When we started walking, people in the shops and cafes would wish each other “Happy Summer”, just as we’d say Happy Christmas or Happy Easter. Now they wished each other “Happy Winter!” In the little cafe at Kamenitsa, the stove was blazing and they were unloading more firewood from a pick up outside. The skies had turned grey, and it was getting colder. By the time we reached Vlacherna, nine hundred metres up, there were storm clouds massing overhead.

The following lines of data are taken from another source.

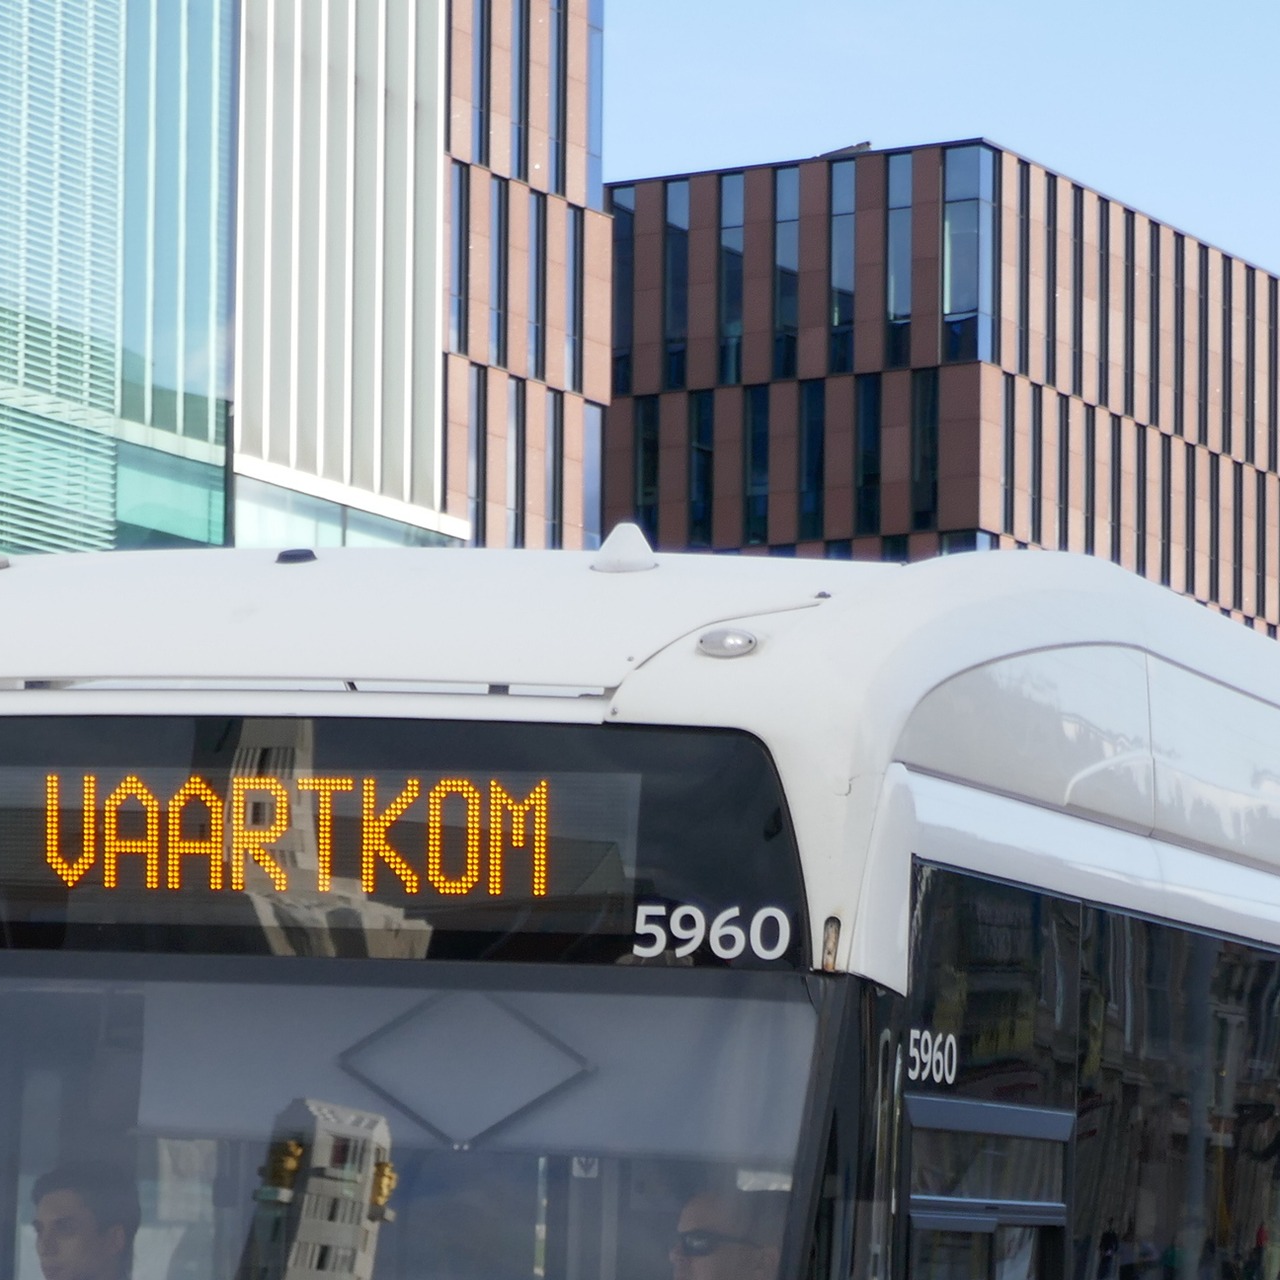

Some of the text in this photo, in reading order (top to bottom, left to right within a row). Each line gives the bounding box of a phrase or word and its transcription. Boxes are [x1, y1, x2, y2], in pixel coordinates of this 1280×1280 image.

[43, 773, 549, 898] VAARTKOM
[633, 907, 790, 962] 5960
[907, 1029, 957, 1084] 5960
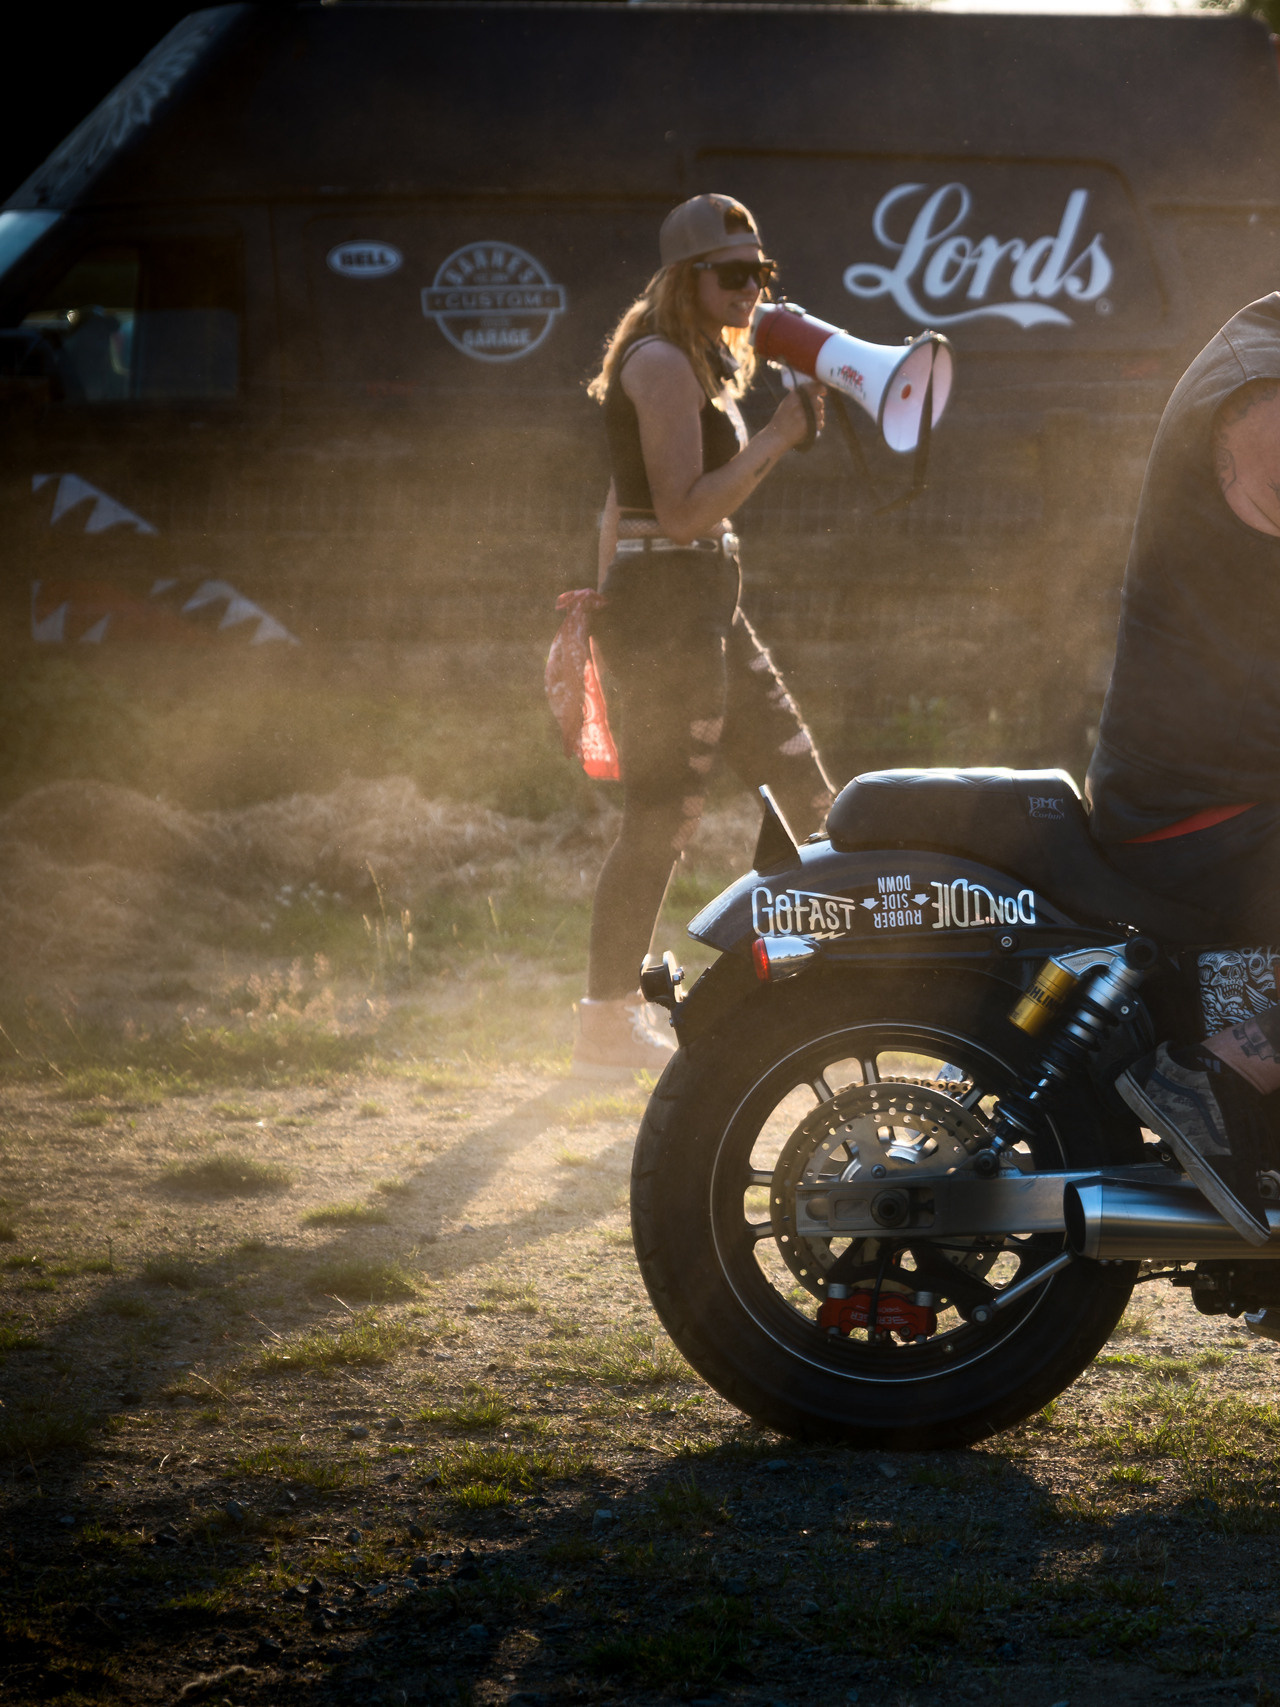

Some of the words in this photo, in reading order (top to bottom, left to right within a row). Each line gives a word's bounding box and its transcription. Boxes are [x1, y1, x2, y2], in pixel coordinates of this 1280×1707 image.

[340, 251, 391, 266] BELL
[843, 182, 1113, 328] Lords
[446, 292, 542, 309] CUSTOM
[462, 329, 530, 346] GARAGE
[1028, 796, 1064, 815] BMC
[877, 875, 911, 893] DOWN
[881, 893, 908, 909] SIDE
[873, 909, 922, 929] RUBBER
[850, 1311, 909, 1325] BERIGER

The day’s route had been complicated by the lack of maps, with a gap between the two Anavasi maps, which made it hard to work out the best off-road options. Much of the farm track to Kamenitsa turned out to be tarred, and the green fields, walnut and apple orchards soon turned to less fertile country – dry and dusty pasture with scattered thorn trees and the occasional flock of sheep. No doubt it sparkles with flowers in springtime, but now at summer’s end, it was parched and uninviting.
At Kamenitsa , there was a decision to be made. We could either continue along the E4 south to Vitina and then through the Mainalon massif, or we could turn east to Vlacherna and approach the Mainalon from there. Our minds were made up by a leaflet describing new routes through the Mainalon, which we’d come across in the Dhara hotel. The Tripoli Mountain Club, together with the local association of guides and ecologists, had ambitious plans to open up the old paths and the leaflet described what had been done so far. We decided to check them out, starting from Vlacherna.
So it was that we arrived in Vlacherna after a long slog mainly on tarred road, only to find there were two tavernas but nowhere to stay. There was a weather warning of thunderstorms and heavy rain so we didn’t want to camp. A shopkeeper came to our rescue. He phoned a friend who owned a hotel that was being renovated. It wasn’t ready, and there was no hot water – could we come back the next day? We said we’d make do without hot water and were shown up a highly dangerous spiral staircase to an attic room with three beds crammed into it. All the rugs were hung out to air and there were piles of stuff everywhere. We negotiated a lower price due to the lack of hot water, but we weren’t inclined to be picky.
The local taverna was more welcoming, with a roaring fire and a comfortably round and chatty woman in charge. We were the only customers. She explained that she cooked anyway, and if nobody turned up then the family ate it all themselves. As talk turned to the Crisis and her family’s attempts to find work, she confided that she wouldn’t swap her lively village social life and the strong sense of community for anything. She’d visited Sweden on an EU exchange, and one of her sons was thinking about going to work in Qatar, but none of them wanted to leave Greece. We agreed that quality of life was more important than earning lots of money.
The route: E4 to Kamenitsa, easy walking along dirt or tarred roads. The E4 then continues to Vitina, from where the original route through the Mainalon has apparently now been much improved with much of it now off-road. The route from Kamenitsa to Vlacherna is all on tarred road. Water at Kamenitsa. Kilometres: 19. Ascent: 416m. Descent: 215m. Map: Anavasi 8.2 Chelmos-Vouraikos and 8.5. Mt Menalo. Gap in the middle!
Facilities: Cafes at Kamenitsa. Two tavernas and a guest house at Vlacherna; regular buses to Tripoli.